TASK OBJECTIVE
Without any pictures, copy the records below once more, exactly as they are.

RECORDS TO PROCESS
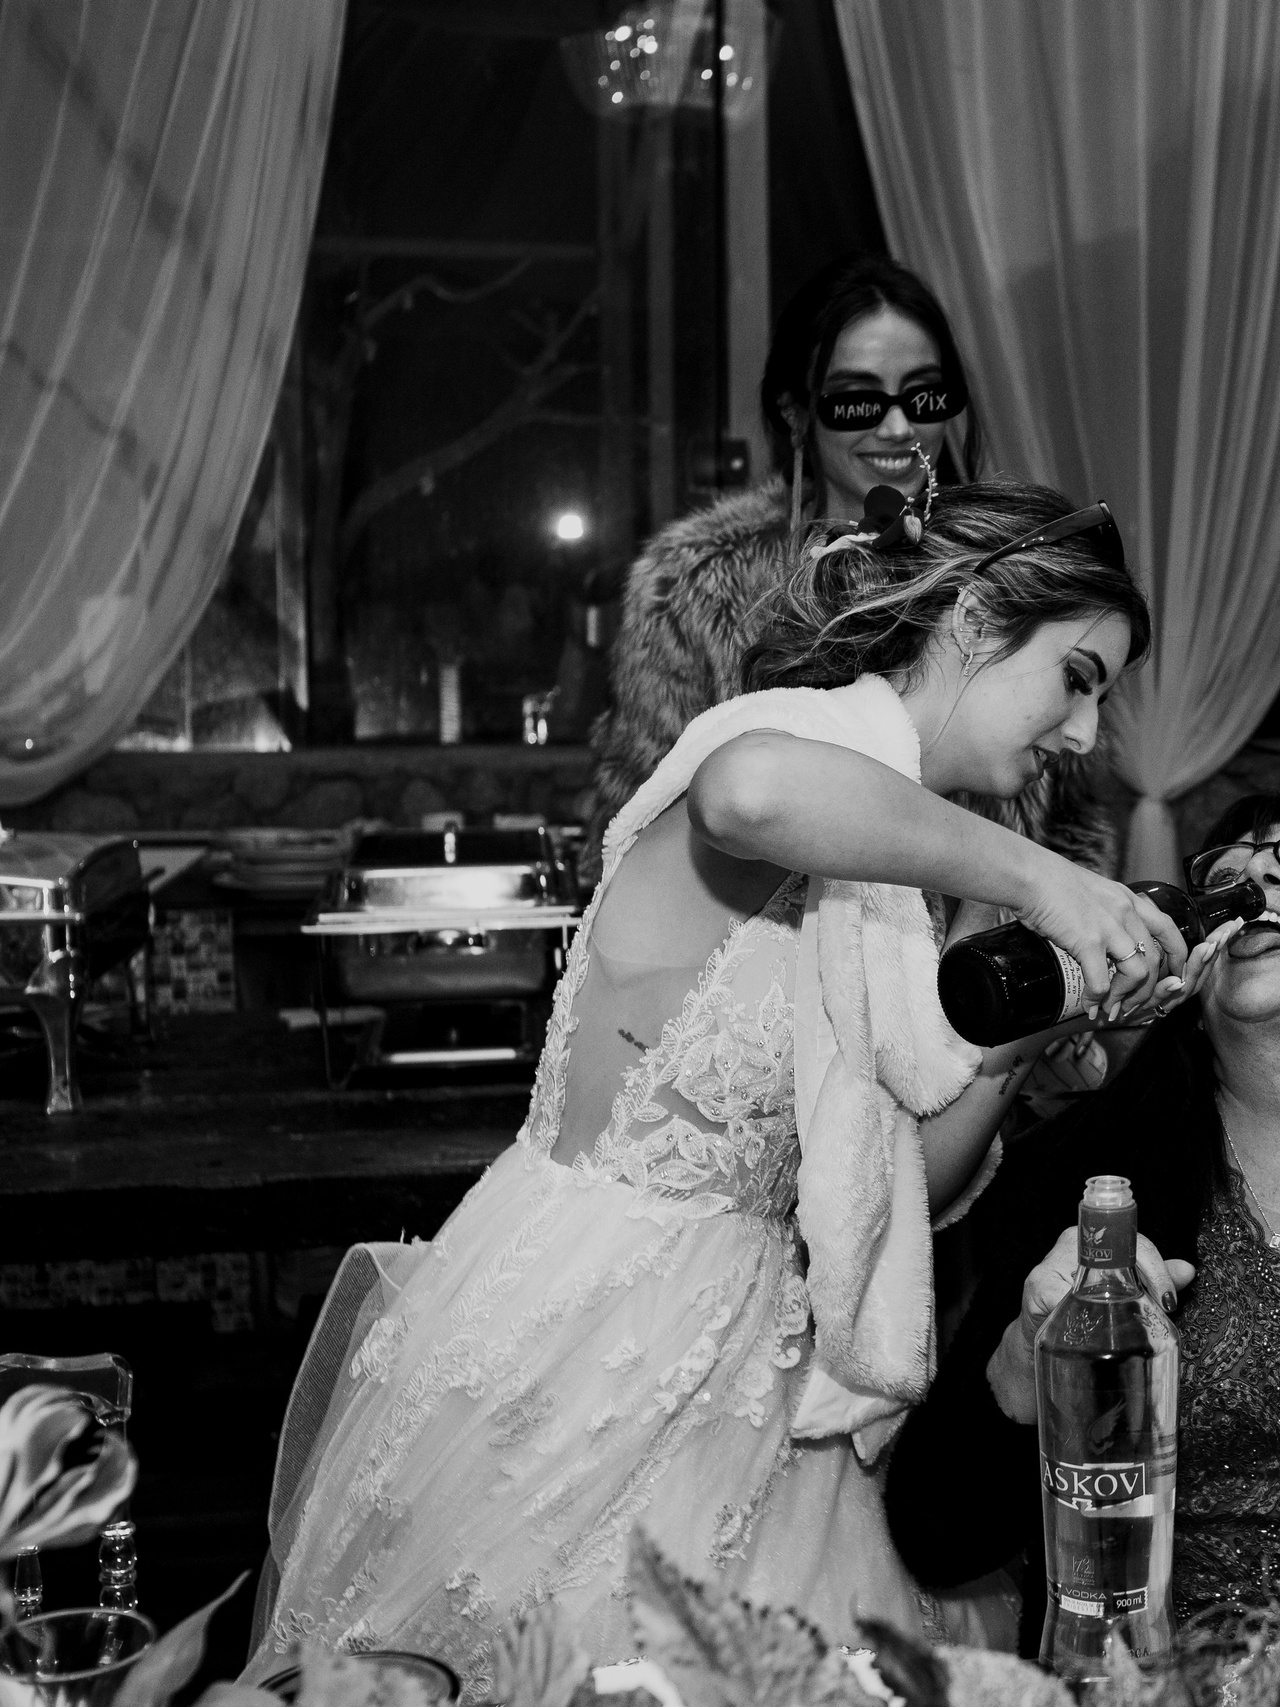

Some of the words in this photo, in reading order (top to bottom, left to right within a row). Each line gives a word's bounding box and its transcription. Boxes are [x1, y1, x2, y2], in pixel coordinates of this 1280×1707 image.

[834, 402, 882, 419] MANDA
[911, 390, 947, 415] Pix
[1081, 1247, 1111, 1259] SKOV
[1043, 1461, 1139, 1496] ASKOV
[1065, 1587, 1107, 1600] VODKA
[1116, 1598, 1132, 1609] 900
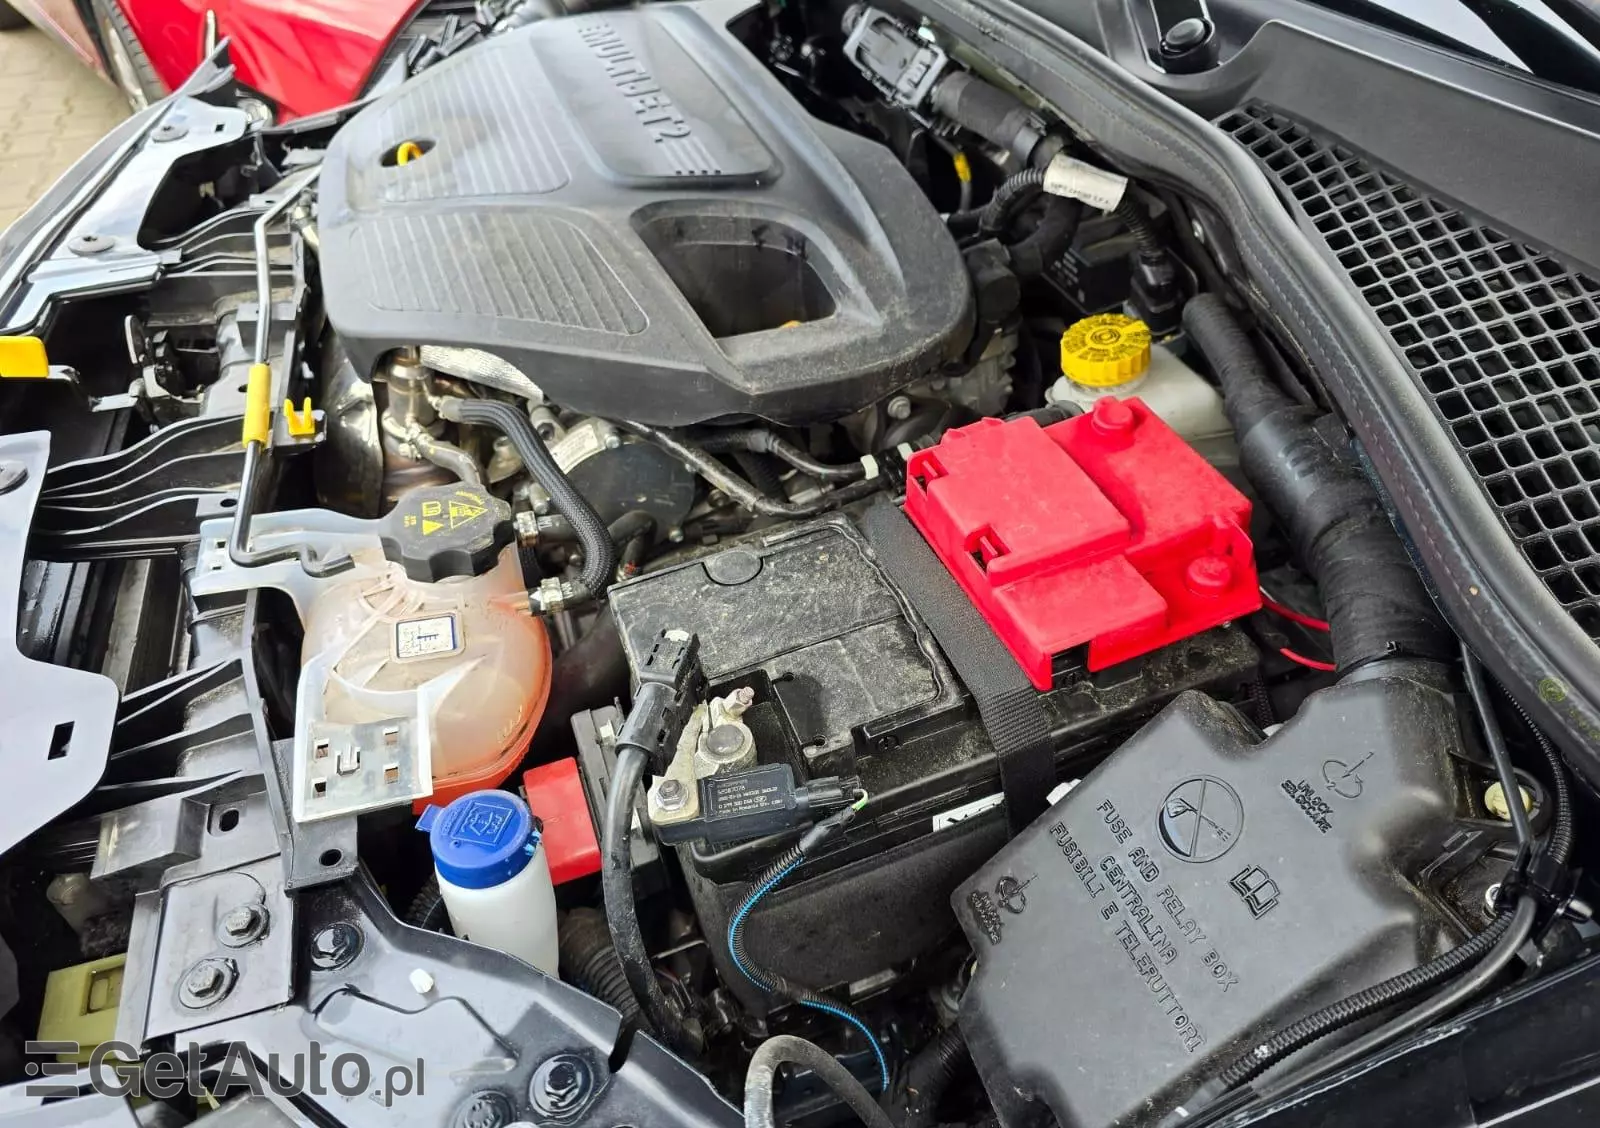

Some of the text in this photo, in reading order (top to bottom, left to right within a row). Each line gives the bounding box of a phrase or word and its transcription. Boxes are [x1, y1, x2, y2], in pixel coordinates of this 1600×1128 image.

[1297, 779, 1334, 815] UNLOCK
[1050, 820, 1207, 1053] FUSIBILI E TELERUTTORI
[1096, 799, 1240, 993] FUSE AND RELAY BOX
[1099, 855, 1178, 966] CENTRALINA

REPLY TO THE TASK
Some of the words in this photo, in reading order (top to bottom, left to right within a row). Each line gives a word's bounding box and its transcription. Boxes are [x1, y1, x2, y2], in pixel coordinates of this 1280×1707 image.

[834, 402, 882, 419] MANDA
[911, 390, 947, 415] Pix
[1081, 1247, 1111, 1259] SKOV
[1043, 1461, 1139, 1496] ASKOV
[1065, 1587, 1107, 1600] VODKA
[1116, 1598, 1132, 1609] 900

Some of the text in this photo, in reading order (top to bottom, left to right within a row). Each line gives the bounding box of a phrase or word and its transcription. Boxes are [x1, y1, x2, y2], in pixel coordinates of this 1600×1128 image.

[1297, 779, 1334, 815] UNLOCK
[1050, 820, 1207, 1053] FUSIBILI E TELERUTTORI
[1096, 799, 1240, 993] FUSE AND RELAY BOX
[1099, 855, 1178, 966] CENTRALINA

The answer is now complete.